La falta de tiempo, la acumulación de tareas o simplemente dejar todo para el último momento hacen que muchos estudiantes recurran a esta estrategia con la esperanza de obtener mejores resultados.
Aunque dedicar más horas al estudio puede parecer una ventaja, a veces sacrificar el sueño puede afectar el rendimiento.
El papel del cerebro durante el sueño
Durante el descanso, el cerebro procesa y consolida la información aprendida a lo largo del día, por lo que dormir es una parte importante del aprendizaje.
Cuando una persona pasa la noche estudiando, es más probable que al día siguiente presente dificultades para concentrarse, recordar información o resolver problemas con rapidez.

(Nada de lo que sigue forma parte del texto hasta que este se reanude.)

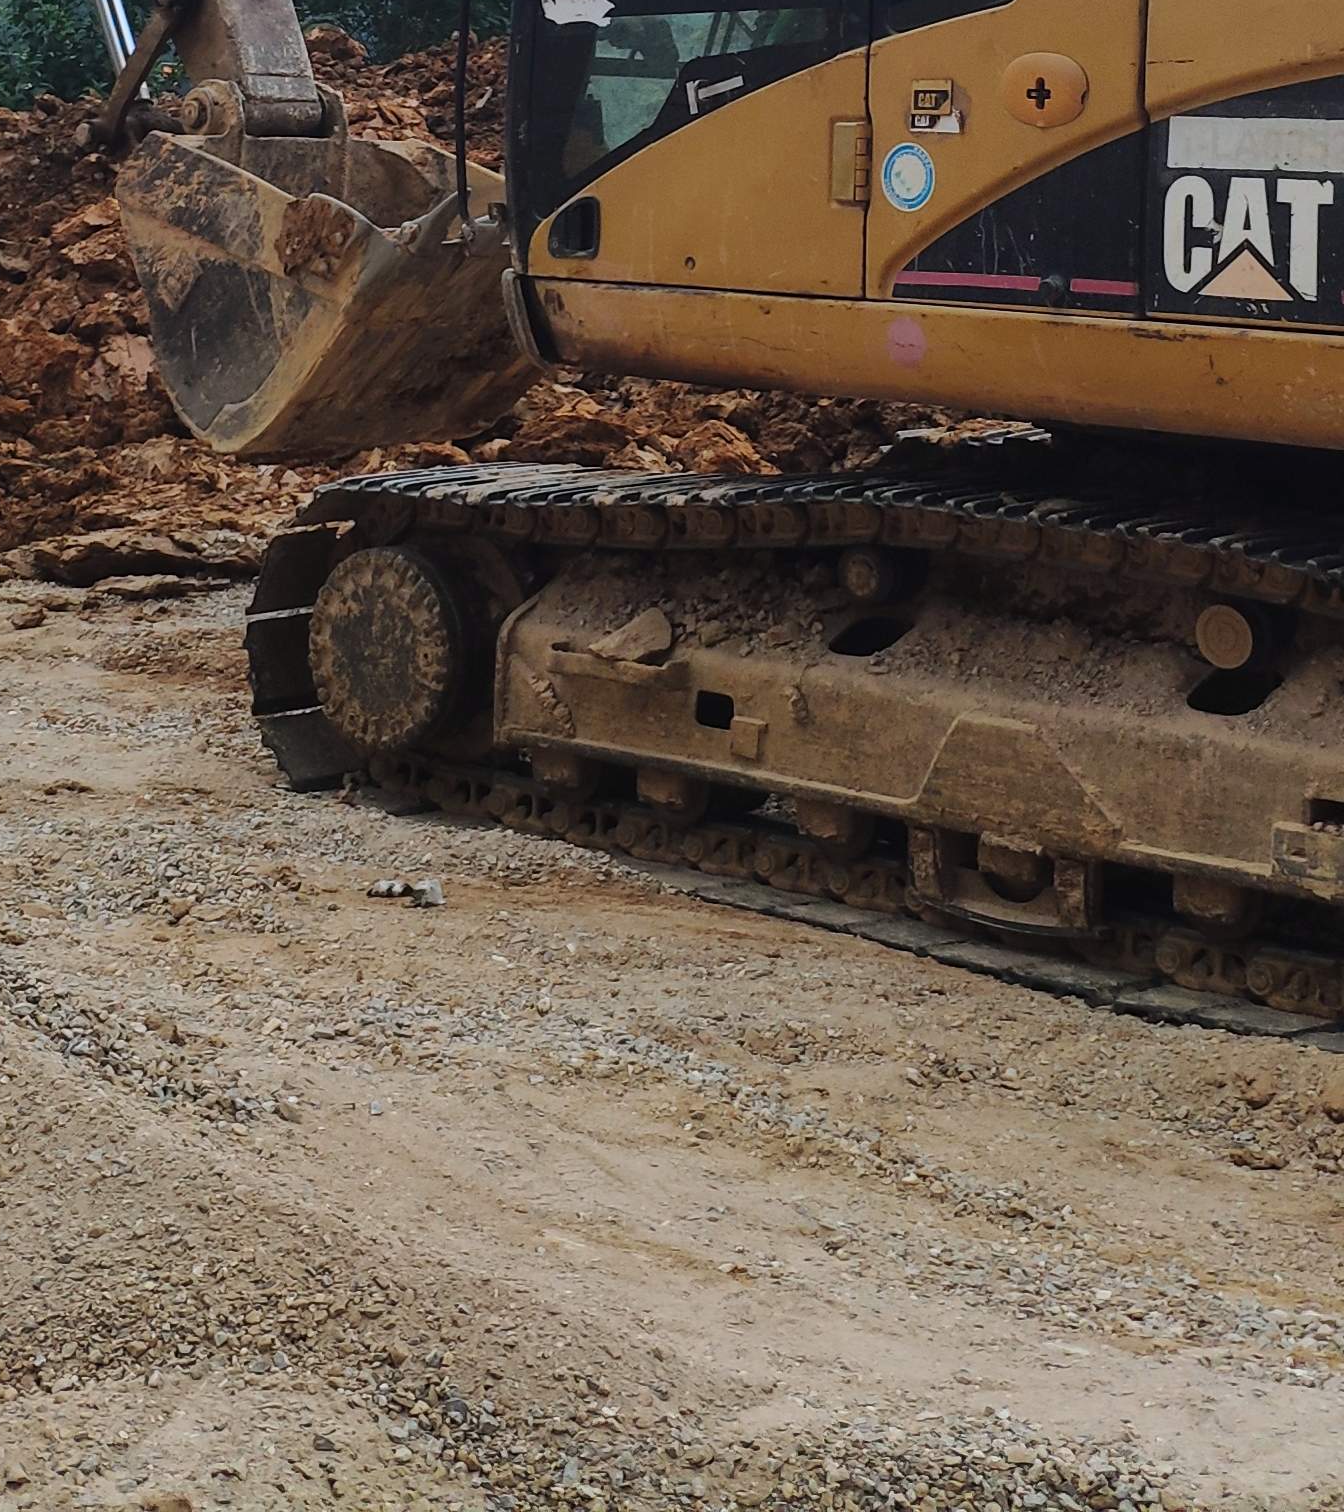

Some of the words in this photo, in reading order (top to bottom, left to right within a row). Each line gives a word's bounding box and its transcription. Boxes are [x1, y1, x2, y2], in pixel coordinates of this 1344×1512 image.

Además, el cansancio puede aumentar el estrés y la ansiedad durante el examen.
Esto no significa que un repaso de última hora sea inútil.
Revisar conceptos clave antes de dormir o unas horas antes del examen puede ser útil, siempre que forme parte de un estudio realizado con anticipación y no sustituya el descanso.
La planificación
Los especialistas recomiendan distribuir el estudio en varios días, hacer pausas para evitar la saturación de información y dormir entre siete y nueve horas la noche previa al examen.
Estas prácticas favorecen una mejor retención de los conocimientos y ayudan a llegar con mayor claridad mental.
Más que estudiar toda la noche, la clave está en la planificación.
Organizar el tiempo y respetar las horas de descanso suele ofrecer mejores resultados que intentar aprender todo en unas cuantas horas antes del examen.